=== Begin Enclosure ===

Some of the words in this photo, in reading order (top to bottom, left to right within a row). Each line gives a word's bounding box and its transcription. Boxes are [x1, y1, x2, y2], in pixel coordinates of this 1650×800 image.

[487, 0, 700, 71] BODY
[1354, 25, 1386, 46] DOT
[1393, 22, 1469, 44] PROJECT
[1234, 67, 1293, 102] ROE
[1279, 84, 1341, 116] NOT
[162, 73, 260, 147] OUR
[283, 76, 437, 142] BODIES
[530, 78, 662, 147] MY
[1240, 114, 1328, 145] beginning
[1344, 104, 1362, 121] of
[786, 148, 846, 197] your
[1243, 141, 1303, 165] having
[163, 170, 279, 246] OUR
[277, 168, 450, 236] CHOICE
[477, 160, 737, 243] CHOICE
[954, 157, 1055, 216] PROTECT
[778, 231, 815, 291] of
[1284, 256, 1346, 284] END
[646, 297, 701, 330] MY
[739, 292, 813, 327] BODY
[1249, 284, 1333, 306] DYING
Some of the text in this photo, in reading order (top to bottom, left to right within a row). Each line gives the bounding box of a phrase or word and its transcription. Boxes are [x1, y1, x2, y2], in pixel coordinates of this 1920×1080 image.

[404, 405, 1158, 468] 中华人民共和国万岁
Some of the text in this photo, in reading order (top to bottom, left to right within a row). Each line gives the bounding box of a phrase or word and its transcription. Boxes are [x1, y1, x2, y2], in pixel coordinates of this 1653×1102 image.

=== End Enclosure ===

--- EXERCISE ---
Reply with the complete data above, every character as it stands.

--- EXERCISE RESPONSE ---
Some of the words in this photo, in reading order (top to bottom, left to right within a row). Each line gives a word's bounding box and its transcription. Boxes are [x1, y1, x2, y2], in pixel coordinates of this 1650×800 image.

[487, 0, 700, 71] BODY
[1354, 25, 1386, 46] DOT
[1393, 22, 1469, 44] PROJECT
[1234, 67, 1293, 102] ROE
[1279, 84, 1341, 116] NOT
[162, 73, 260, 147] OUR
[283, 76, 437, 142] BODIES
[530, 78, 662, 147] MY
[1240, 114, 1328, 145] beginning
[1344, 104, 1362, 121] of
[786, 148, 846, 197] your
[1243, 141, 1303, 165] having
[163, 170, 279, 246] OUR
[277, 168, 450, 236] CHOICE
[477, 160, 737, 243] CHOICE
[954, 157, 1055, 216] PROTECT
[778, 231, 815, 291] of
[1284, 256, 1346, 284] END
[646, 297, 701, 330] MY
[739, 292, 813, 327] BODY
[1249, 284, 1333, 306] DYING
Some of the text in this photo, in reading order (top to bottom, left to right within a row). Each line gives the bounding box of a phrase or word and its transcription. Boxes are [x1, y1, x2, y2], in pixel coordinates of this 1920×1080 image.

[404, 405, 1158, 468] 中华人民共和国万岁
Some of the text in this photo, in reading order (top to bottom, left to right within a row). Each line gives the bounding box of a phrase or word and its transcription. Boxes are [x1, y1, x2, y2], in pixel coordinates of this 1653×1102 image.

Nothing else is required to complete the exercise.